What is being asked:
All records are to be transcribed in full; any pictures among them are to be skipped.

Data section:
[Start of section]
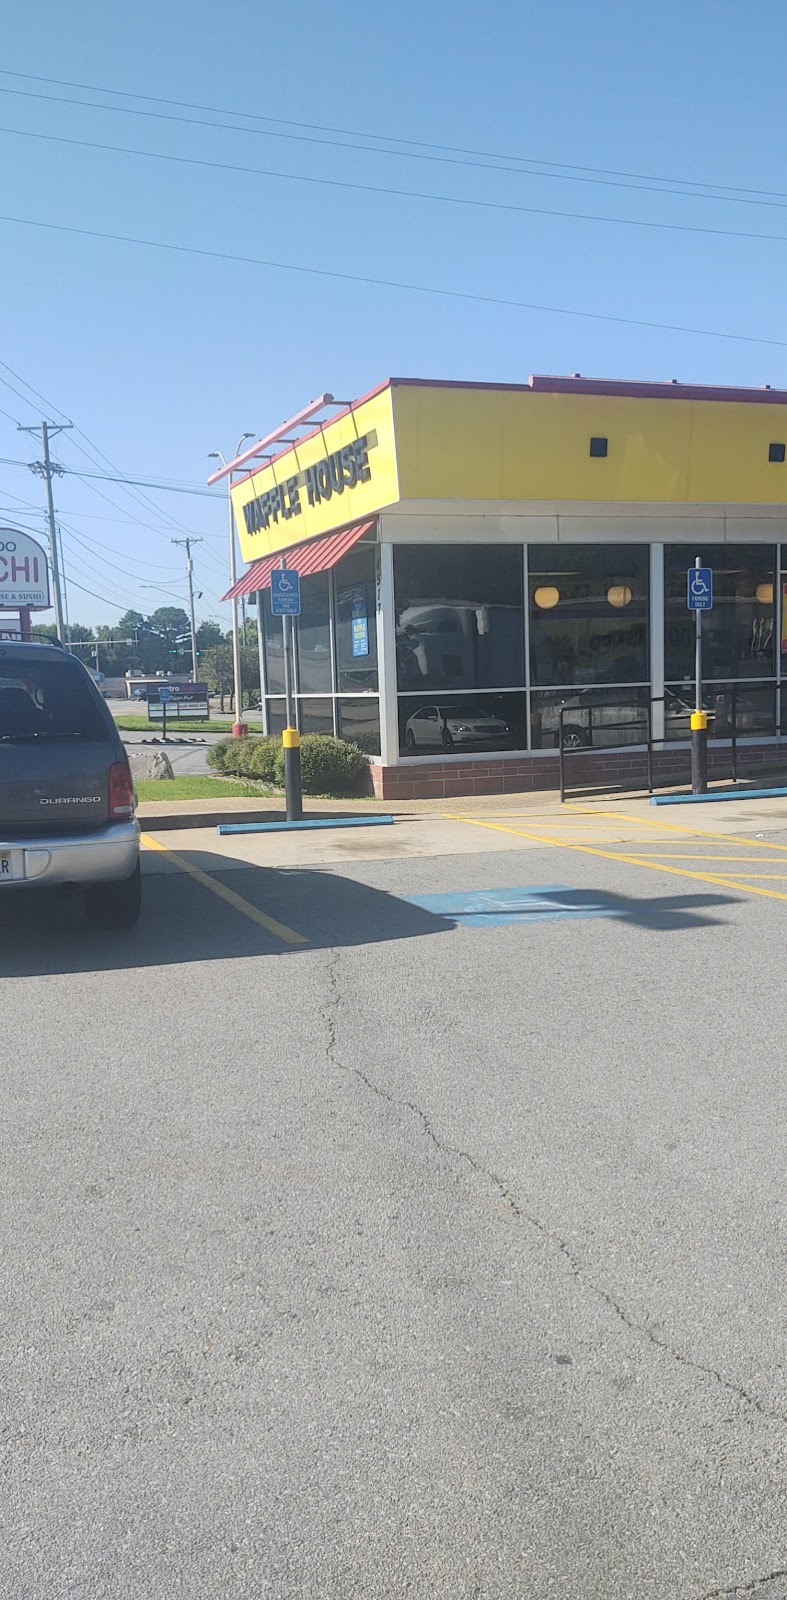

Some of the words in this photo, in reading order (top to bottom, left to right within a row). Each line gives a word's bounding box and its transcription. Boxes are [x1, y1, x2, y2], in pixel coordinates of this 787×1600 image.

[242, 476, 302, 536] WAFFLE
[304, 435, 371, 508] HOUSE
[40, 796, 102, 805] DURANGO
[0, 860, 9, 874] R
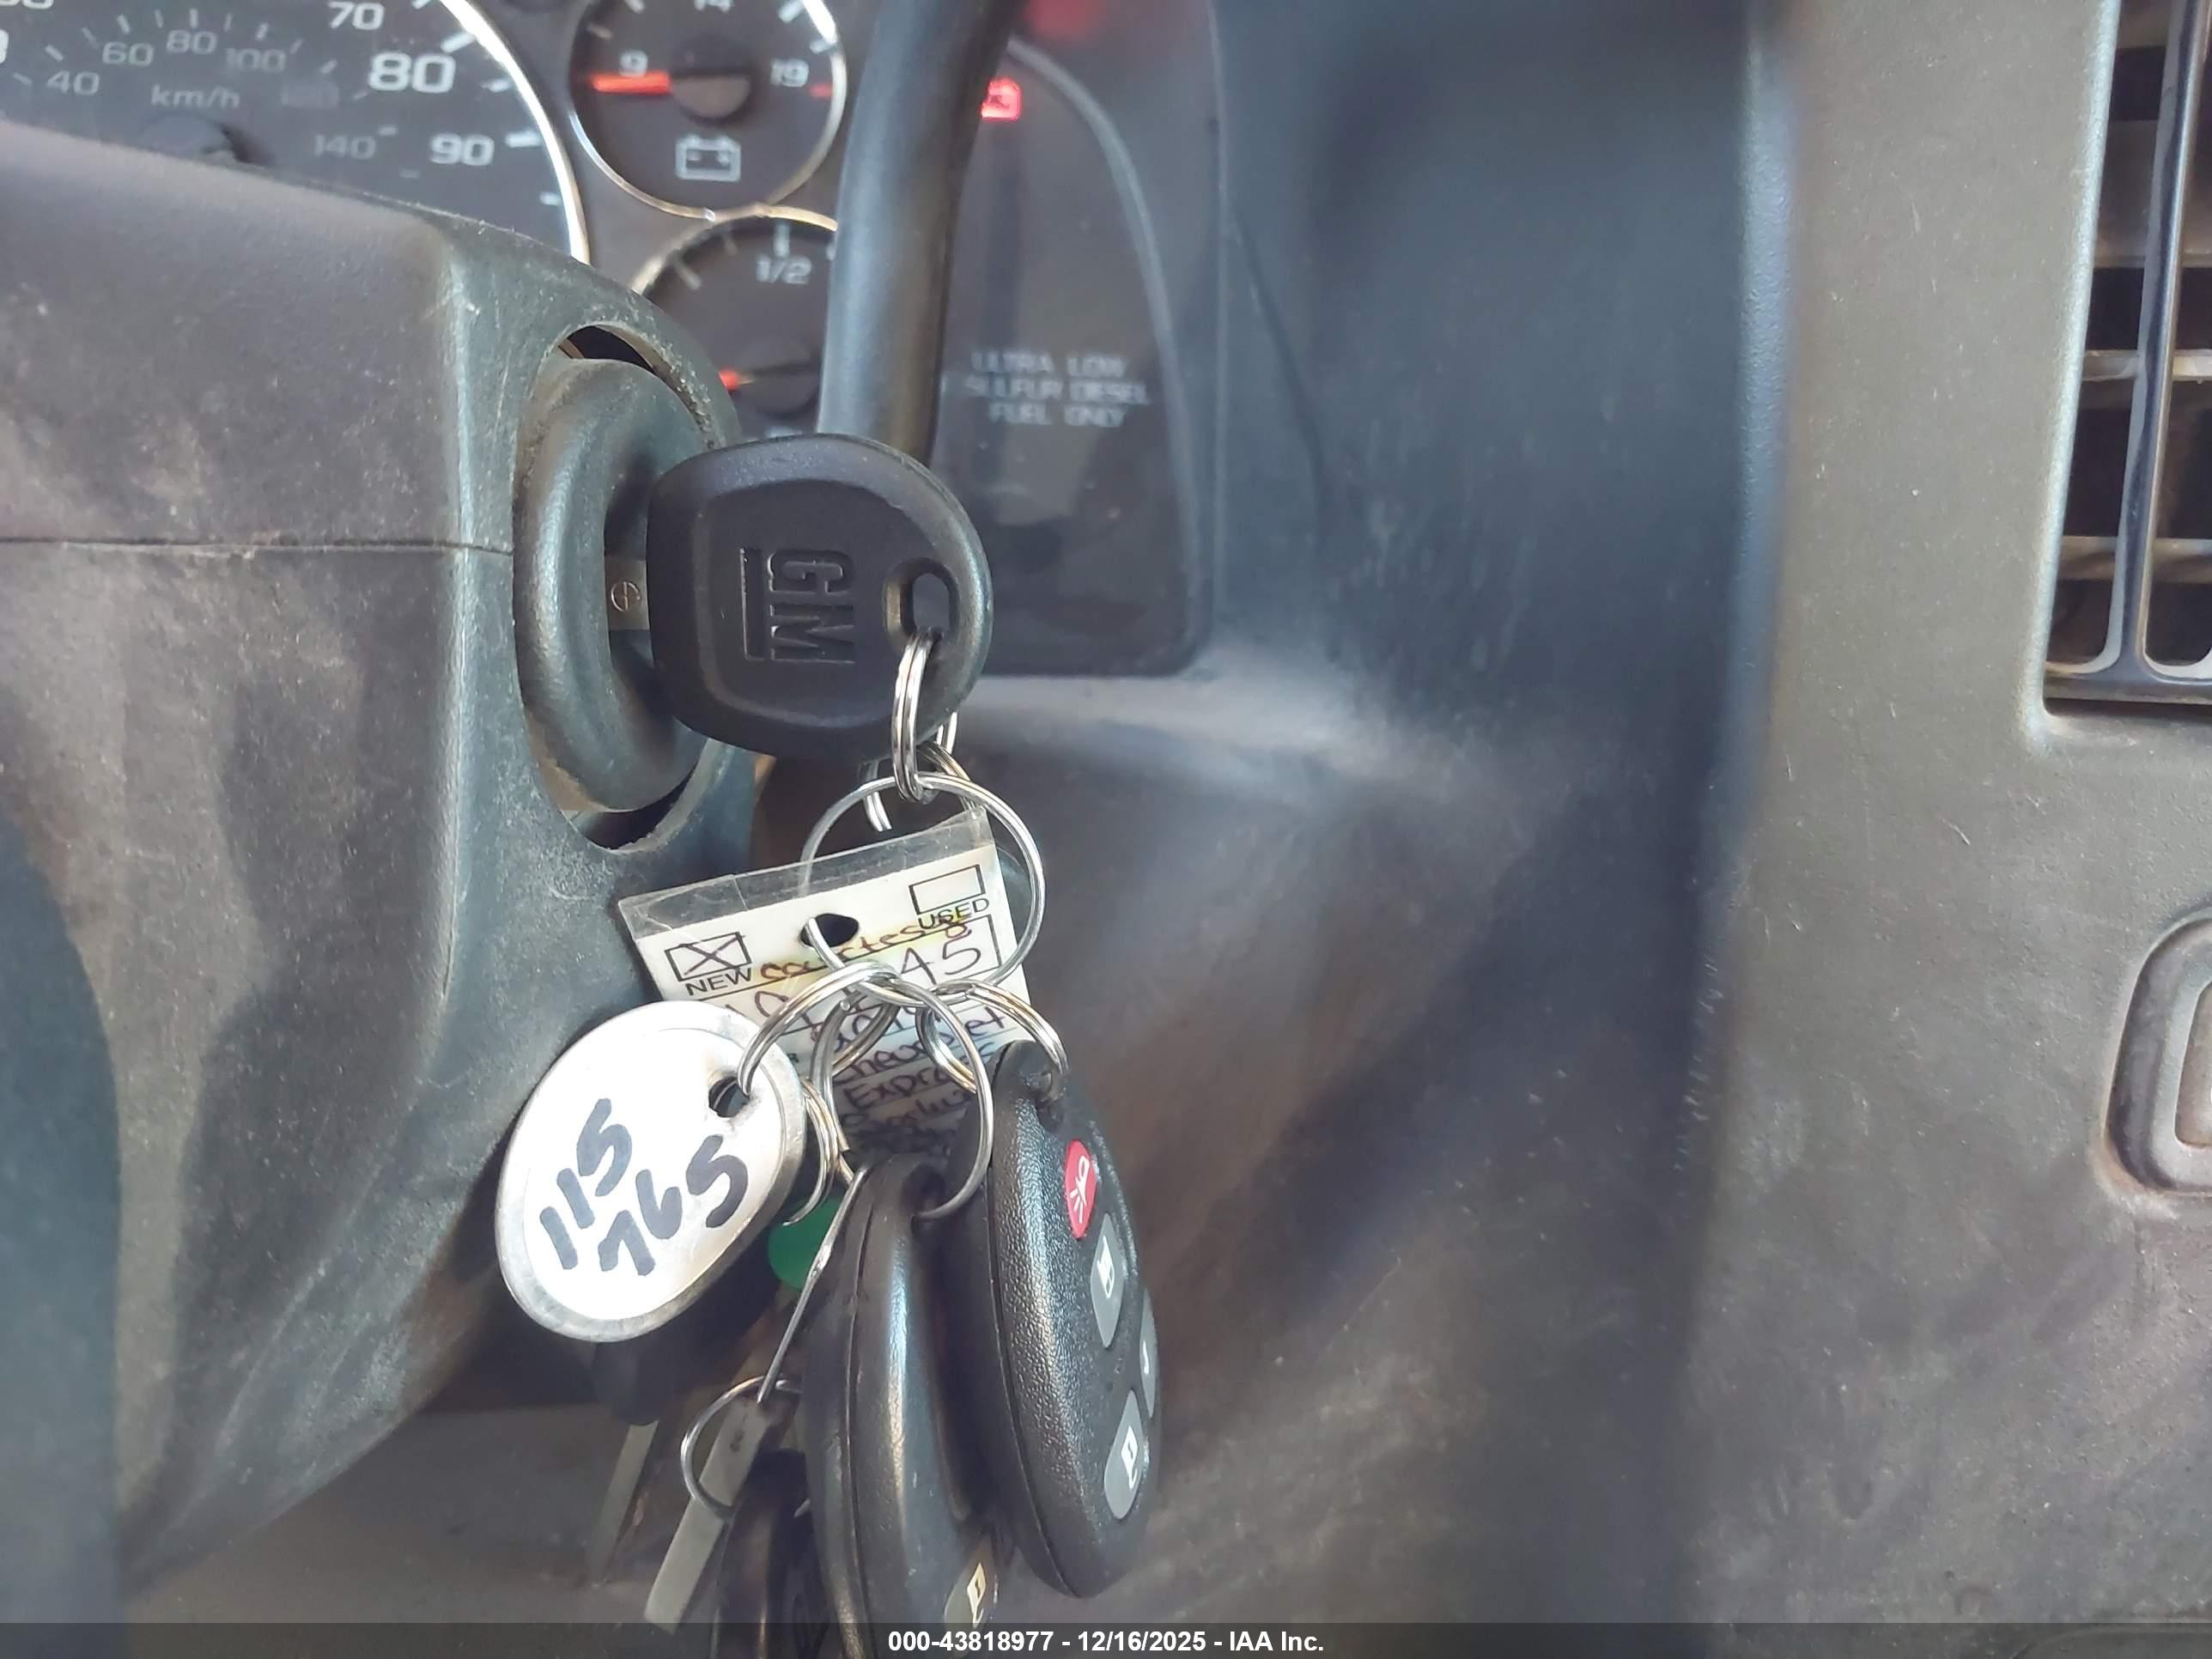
[End of section]
Result of this exercise:
Some of the words in this photo, in reading order (top to bottom, left to right within a row). Each line gives a word's bounding box and its transcription. Boxes are [x1, y1, x2, y2], in pixel coordinates of this 787×1600 image.

[242, 476, 302, 536] WAFFLE
[304, 435, 371, 508] HOUSE
[40, 796, 102, 805] DURANGO
[0, 860, 9, 874] R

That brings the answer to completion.